Data extracts:
▽

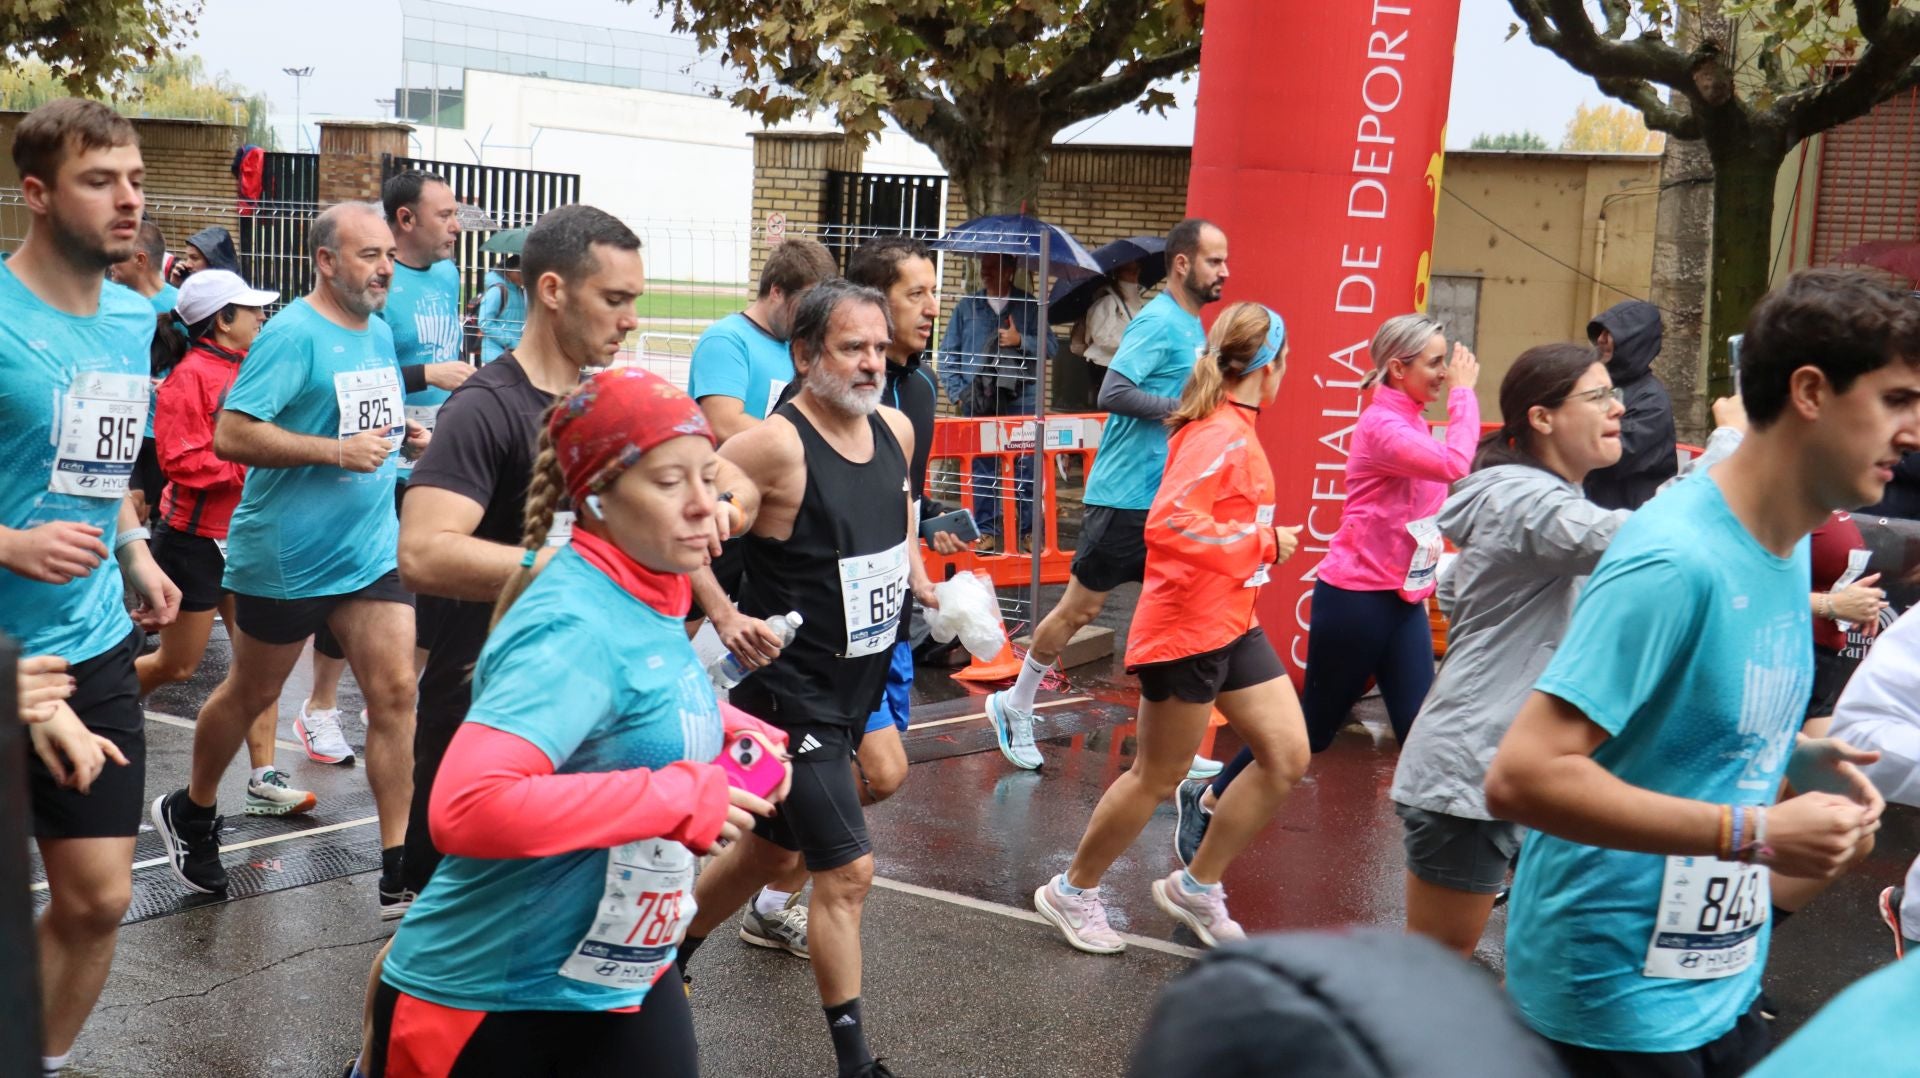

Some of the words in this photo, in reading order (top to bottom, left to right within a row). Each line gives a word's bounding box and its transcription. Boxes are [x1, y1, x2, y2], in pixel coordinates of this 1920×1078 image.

[1335, 245, 1382, 314] DE
[97, 416, 137, 460] 815
[359, 397, 392, 430] 825
[870, 576, 902, 624] 695
[624, 890, 683, 946] 788
[1697, 871, 1759, 932] 843

△

Would you please copy the listing exactly, omitting every picture?

Some of the words in this photo, in reading order (top to bottom, left to right within a row). Each line gives a word's bounding box and its transcription. Boxes are [x1, y1, x2, y2], in pixel coordinates of this 1920×1078 image.

[1335, 245, 1382, 314] DE
[97, 416, 137, 460] 815
[359, 397, 392, 430] 825
[870, 576, 902, 624] 695
[624, 890, 683, 946] 788
[1697, 871, 1759, 932] 843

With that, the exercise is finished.